Transparency is best medicine for chronic corruption in drug watchdog
The snowballing corruption scandal centring on Zheng Xiaoyu, former director of the State Food and Drug Administration, is significant in several ways.
First, it is the latest example of the endemic corruption that permeates every branch of the government, and is another telling sign of the failure of the mainland leadership's anti-corruption campaign.
Second, it calls into question the future of the watchdog, which was only set up in 1998 along the lines of the US Food and Drug Administration.
Third, it again raises important questions over how to better monitor leading government officials and their immediate family members.

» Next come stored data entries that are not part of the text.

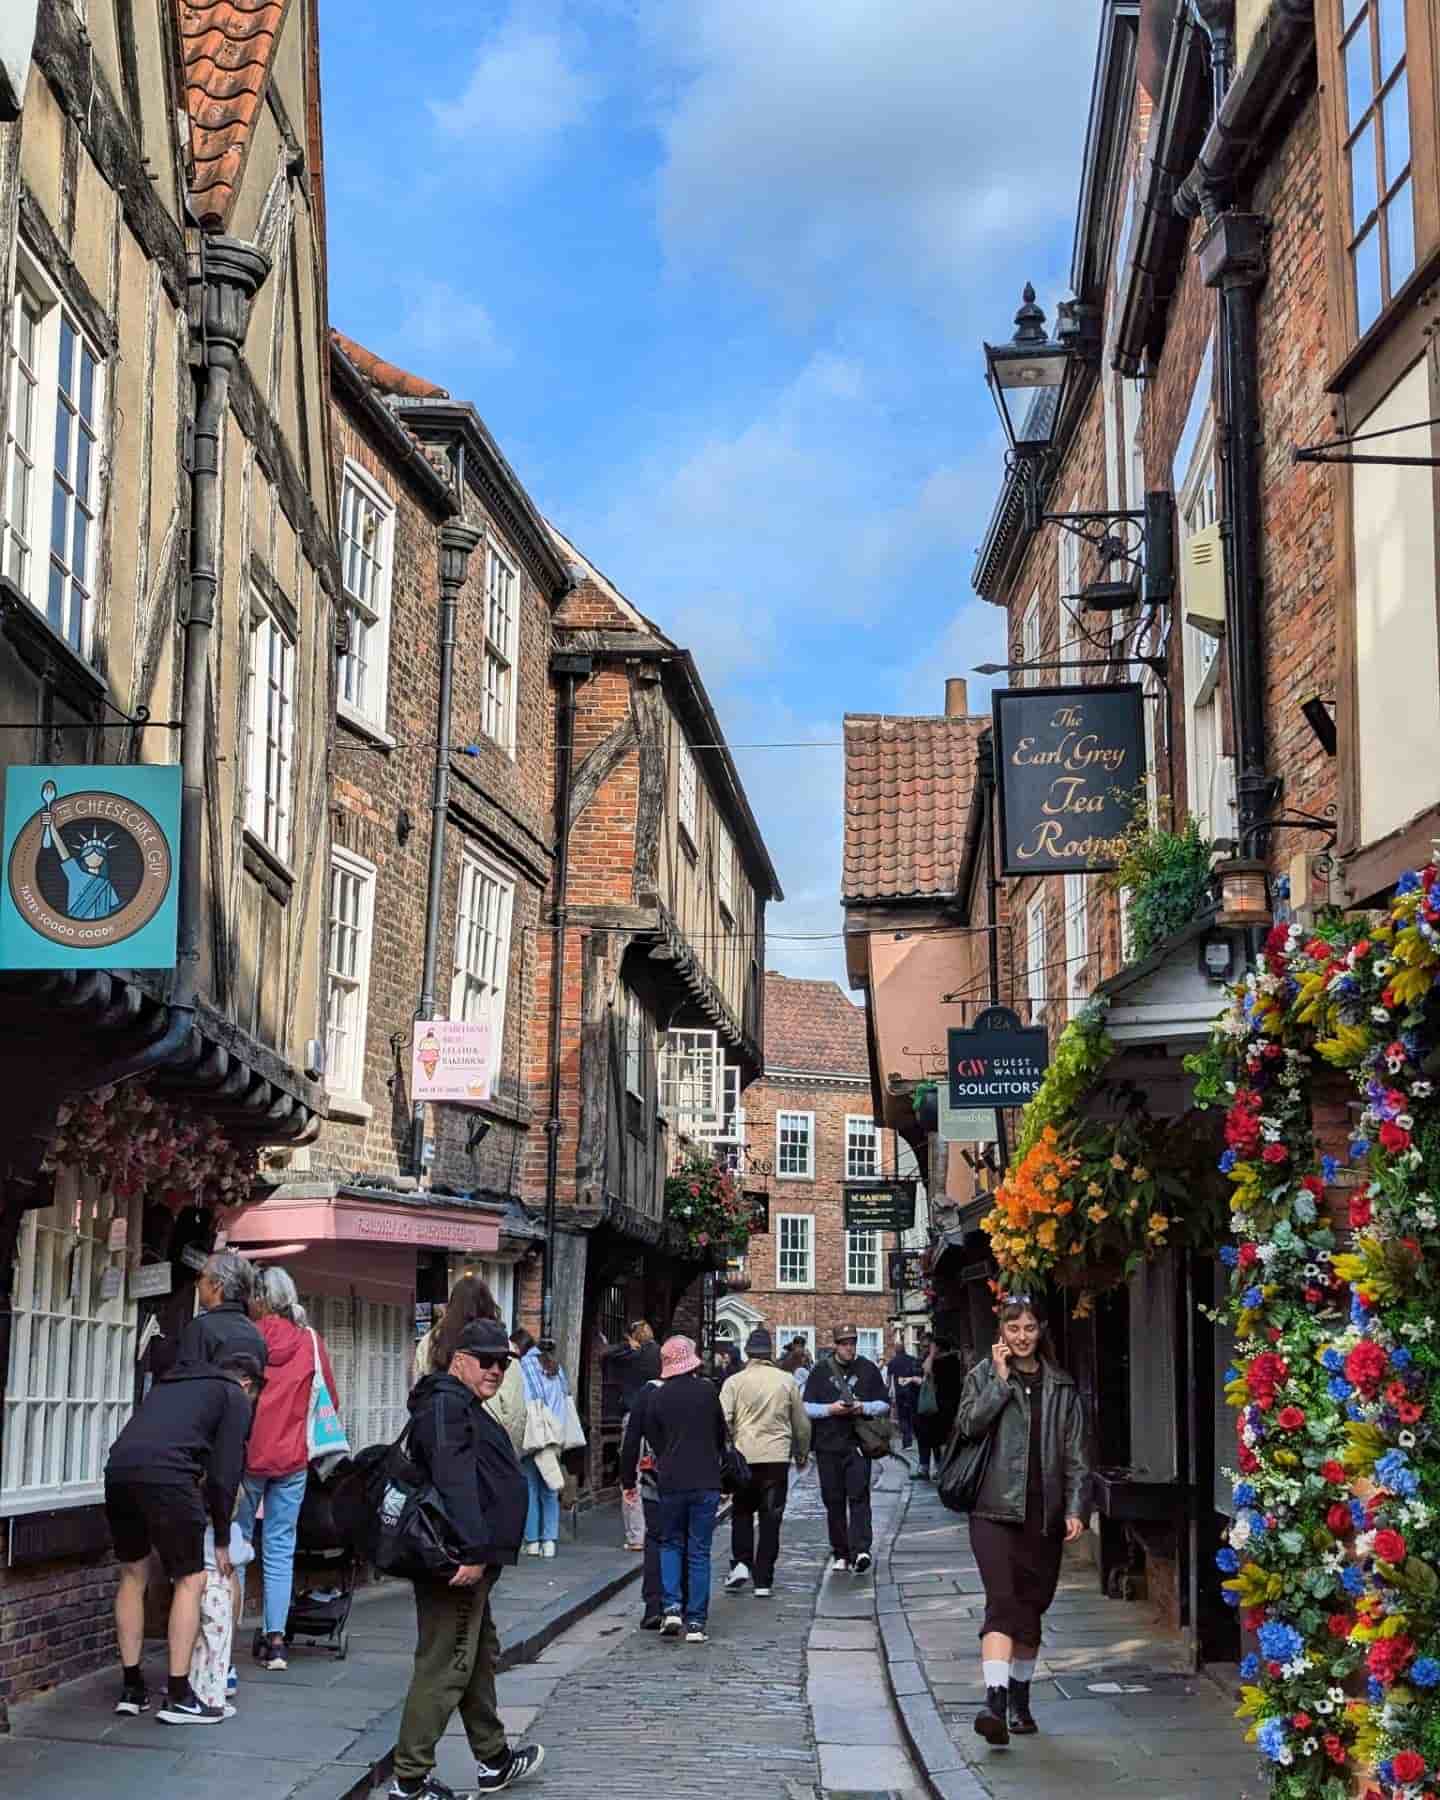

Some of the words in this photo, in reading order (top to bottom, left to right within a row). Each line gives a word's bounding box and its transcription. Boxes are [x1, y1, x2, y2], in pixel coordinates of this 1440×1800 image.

[1049, 705, 1083, 728] The
[1012, 731, 1077, 766] Earl
[1064, 735, 1126, 771] Grey
[1041, 777, 1104, 816] Tea
[148, 850, 163, 879] GUY
[993, 1058, 1032, 1066] GUEST
[993, 1068, 1039, 1076] WALKER
[958, 1082, 1039, 1096] SOLICITORS
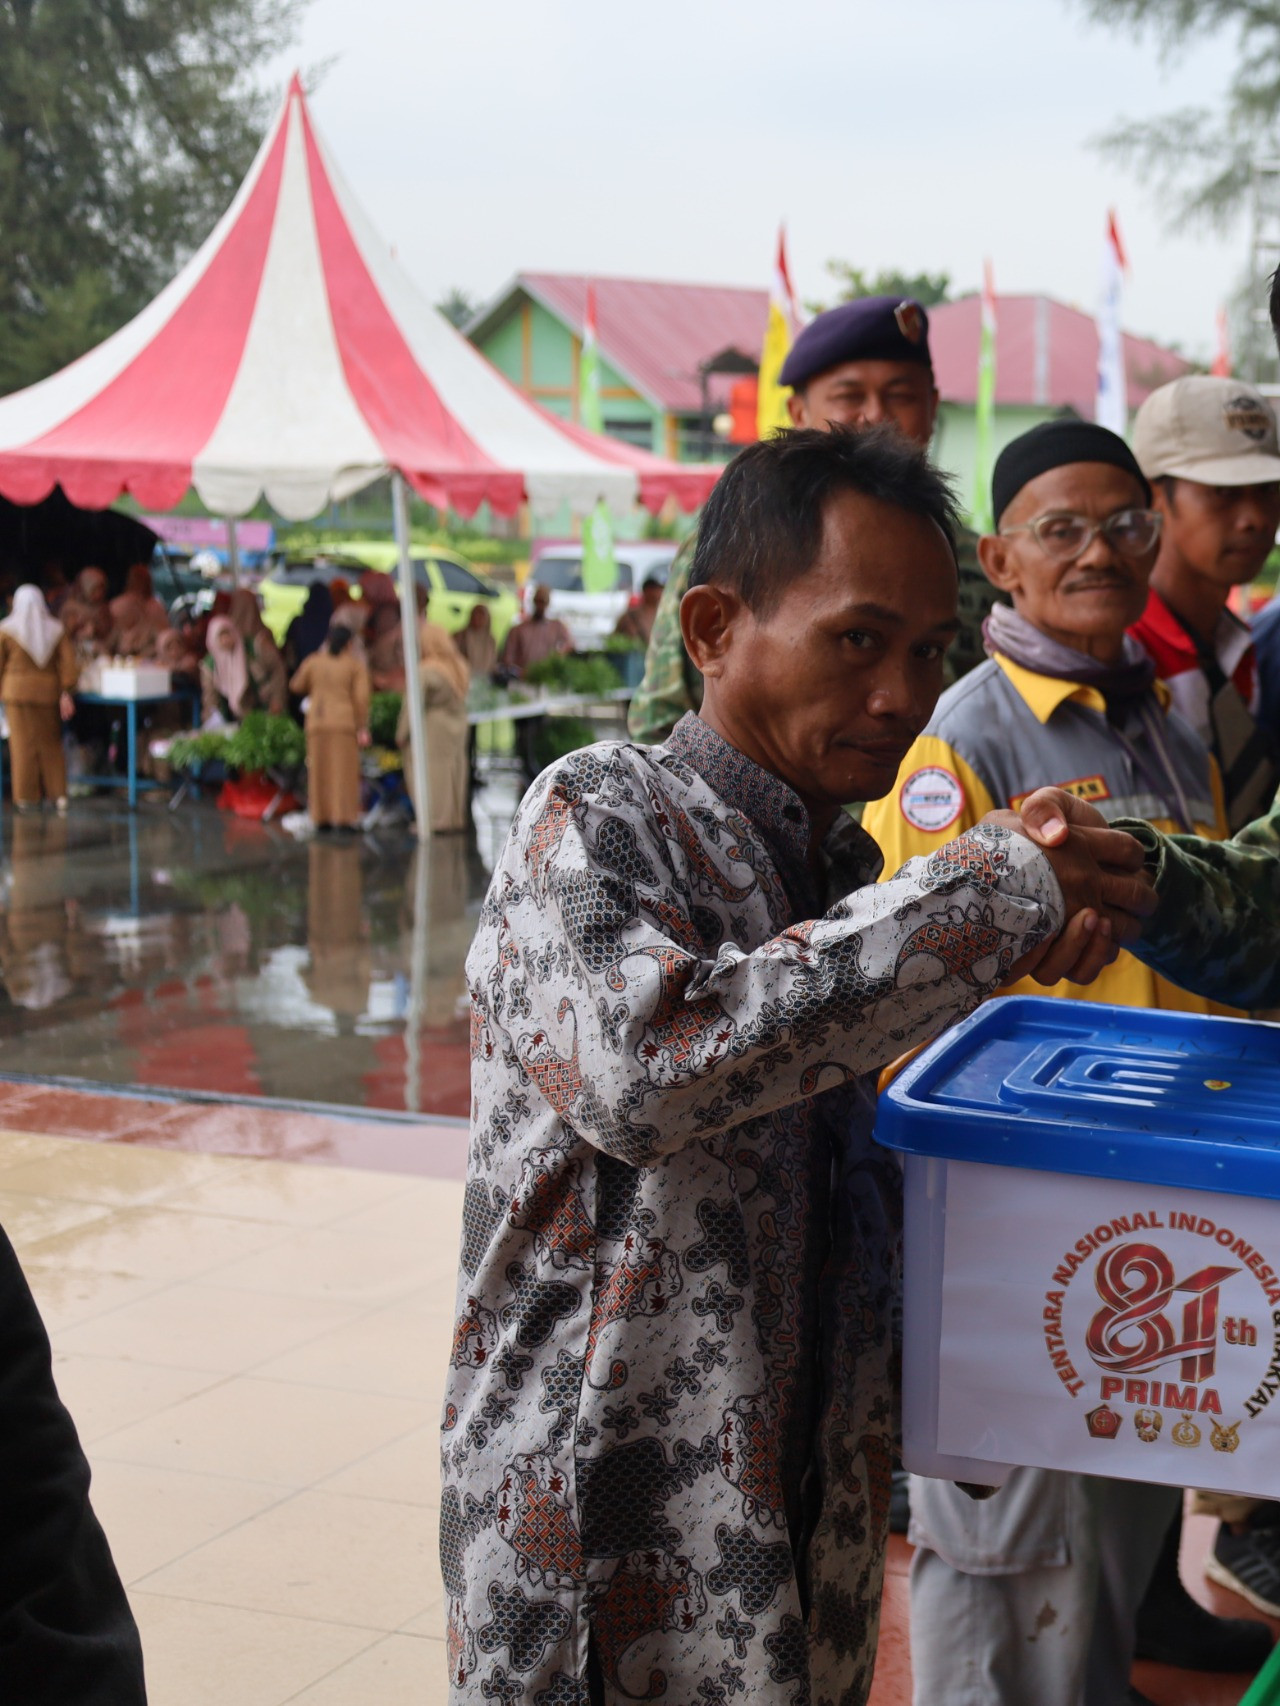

State media reports said his son, Zheng Hairong, and wife Liu Naixue had also been arrested on suspicion of colluding with him to sell drug manufacturing permits.
Two of Zheng's top aides - Hao Heping, head of the watchdog's department of medical equipment, and Cao Wenzhuang, chief of the drug registry department - were also arrested. Both Hao and Cao once worked as Zheng's secretaries.
It is believed mainland leaders have been shocked by the scale and extent of corruption within the watchdog. On January 24, Premier Wen Jiabao held a special State Council meeting on Zheng's corruption case, and concluded that he was 'in serious dereliction of duty, took advantage of his power to accept bribes, and protected and encouraged his family members and aides to engage in illegal activities'.